Goal of the exercise:
Copy out the data in full and exactly, passing over the pictures.

* * * * * * *

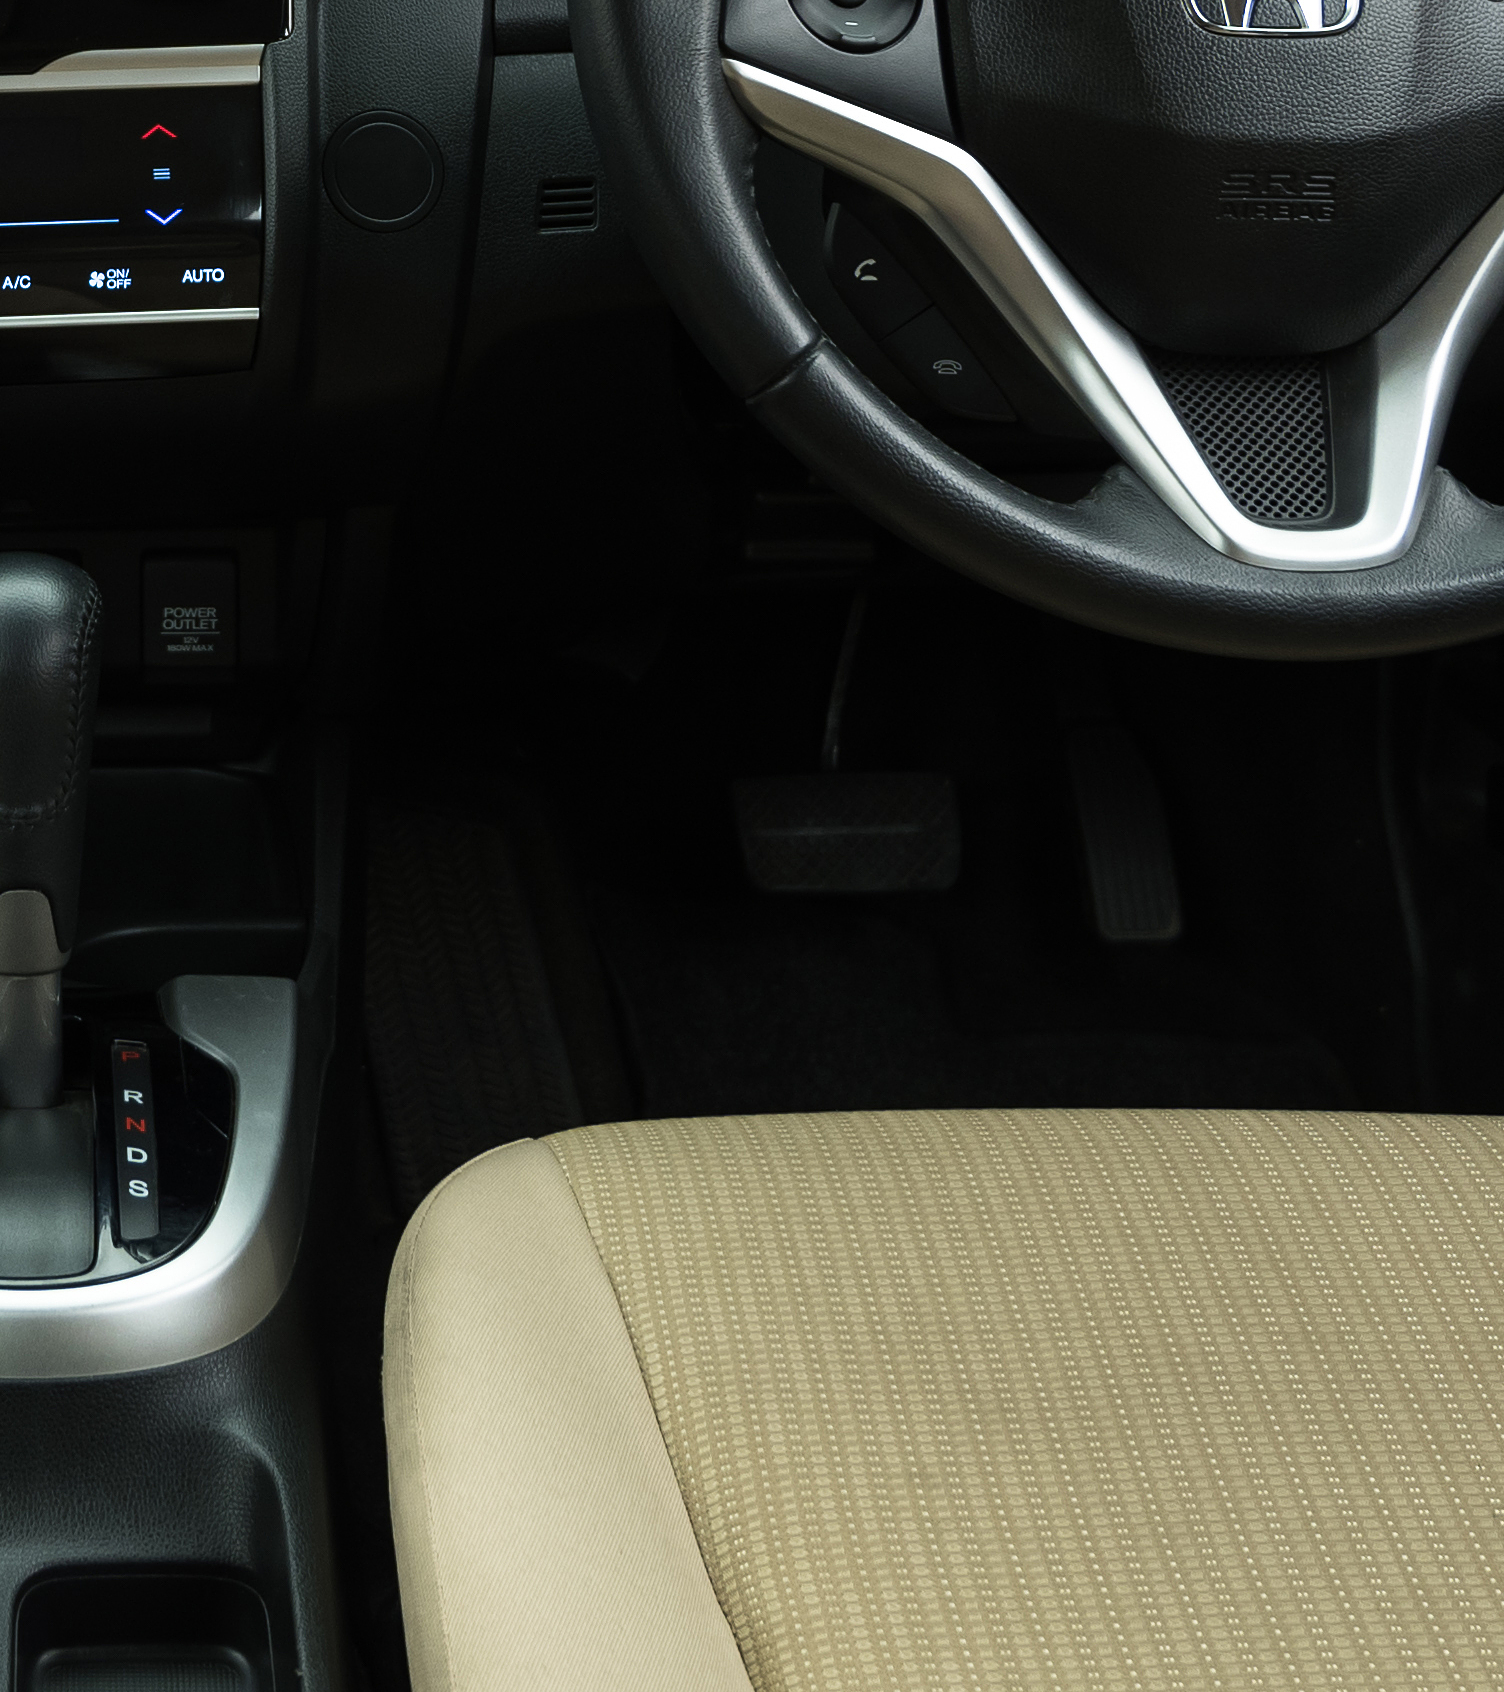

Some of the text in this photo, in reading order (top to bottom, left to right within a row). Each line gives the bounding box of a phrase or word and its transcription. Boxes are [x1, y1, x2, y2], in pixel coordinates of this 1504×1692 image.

[1221, 171, 1336, 196] SRS
[106, 268, 130, 281] ON/
[182, 268, 225, 283] AUTO
[2, 274, 32, 290] A/C
[106, 278, 132, 290] OFF
[164, 607, 217, 618] POWER
[162, 619, 218, 630] OUTLET
[121, 1051, 140, 1062] P
[124, 1090, 144, 1104] R
[126, 1117, 146, 1132] N
[126, 1147, 148, 1163] D
[128, 1180, 149, 1197] S
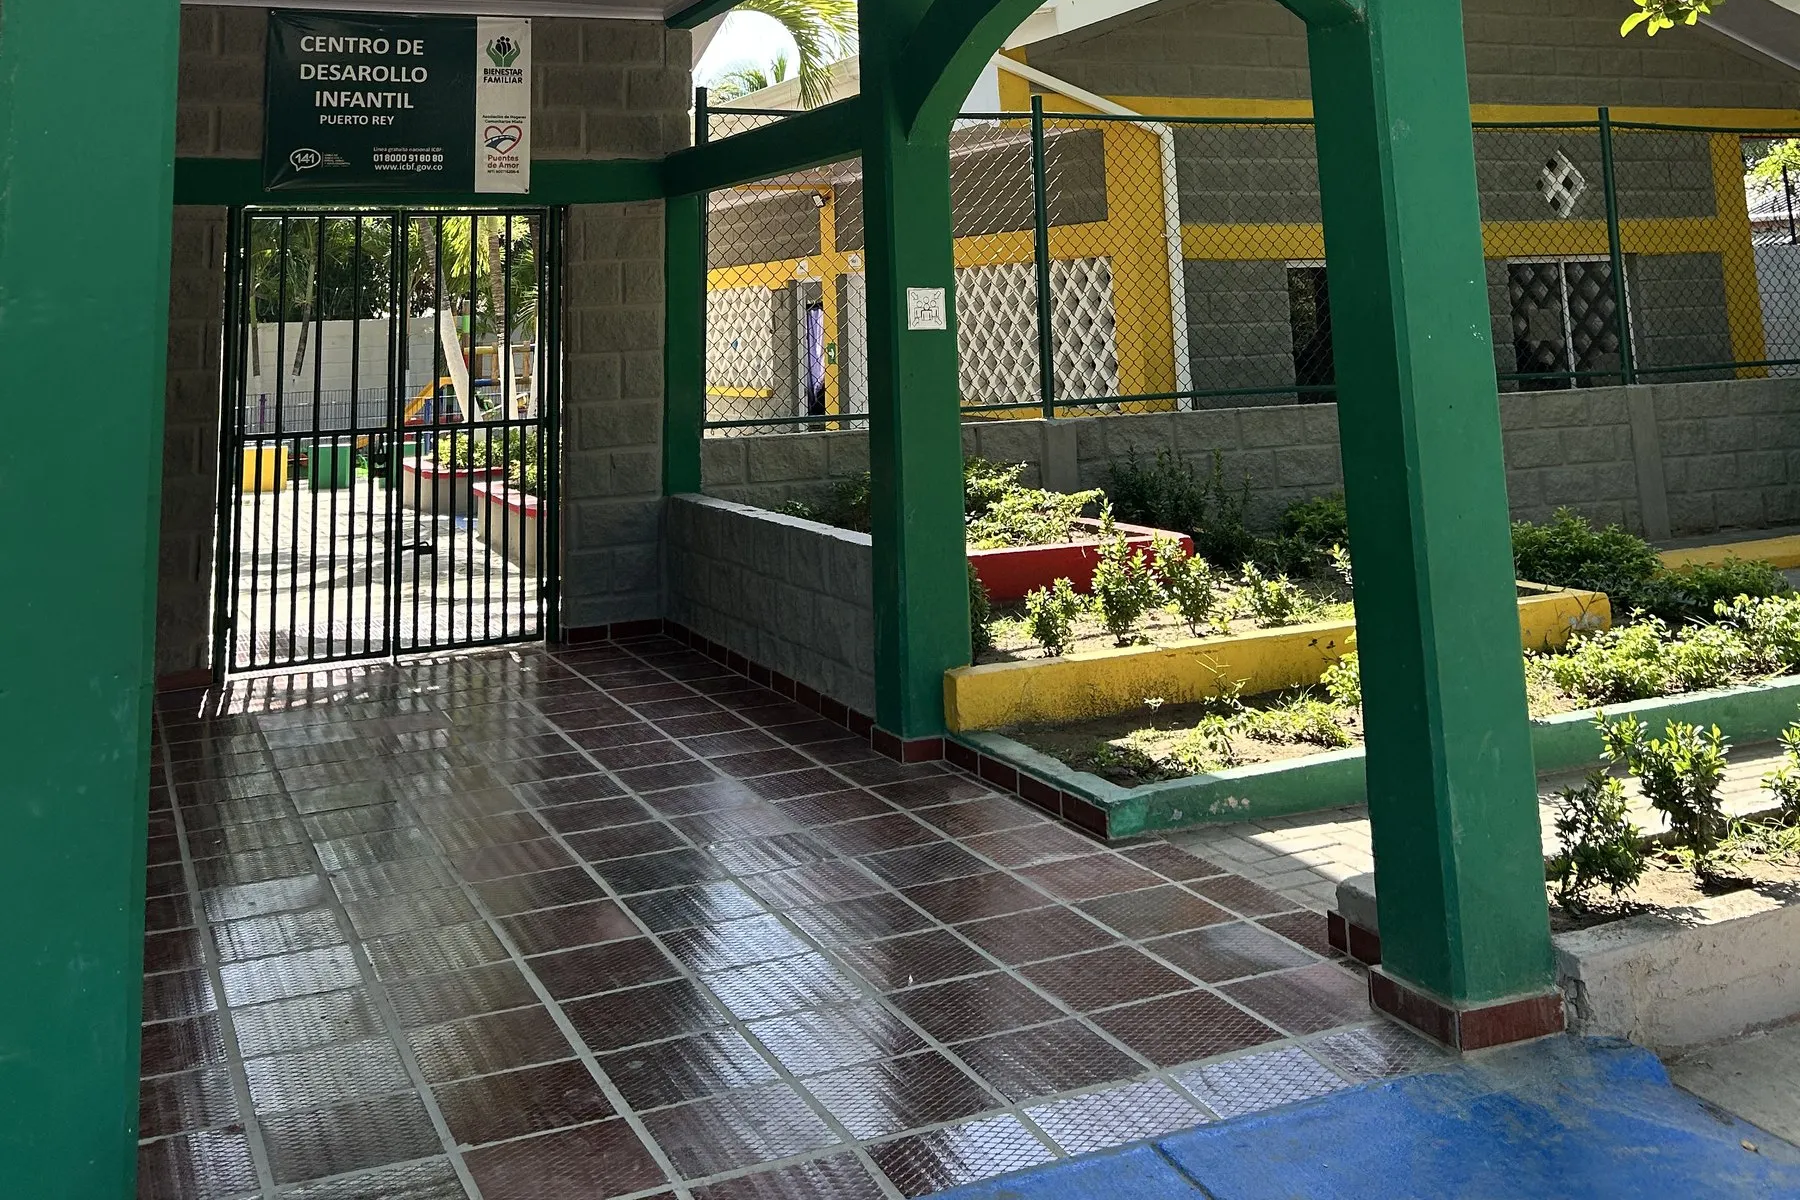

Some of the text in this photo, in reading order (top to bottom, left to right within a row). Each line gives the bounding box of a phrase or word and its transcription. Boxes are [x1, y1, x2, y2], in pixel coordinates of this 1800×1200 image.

* * * * * * *

Answer section:
Some of the text in this photo, in reading order (top to bottom, left to right within a row). Each line gives the bounding box of a phrase or word and its transcription. Boxes are [x1, y1, x2, y2], in pixel coordinates of this 1504×1692 image.

[1221, 171, 1336, 196] SRS
[106, 268, 130, 281] ON/
[182, 268, 225, 283] AUTO
[2, 274, 32, 290] A/C
[106, 278, 132, 290] OFF
[164, 607, 217, 618] POWER
[162, 619, 218, 630] OUTLET
[121, 1051, 140, 1062] P
[124, 1090, 144, 1104] R
[126, 1117, 146, 1132] N
[126, 1147, 148, 1163] D
[128, 1180, 149, 1197] S

Some of the text in this photo, in reading order (top to bottom, left to right within a row). Each line gives the bounding box of a phrase or word and its transcription. Boxes are [x1, y1, x2, y2], in pixel coordinates of this 1800×1200 image.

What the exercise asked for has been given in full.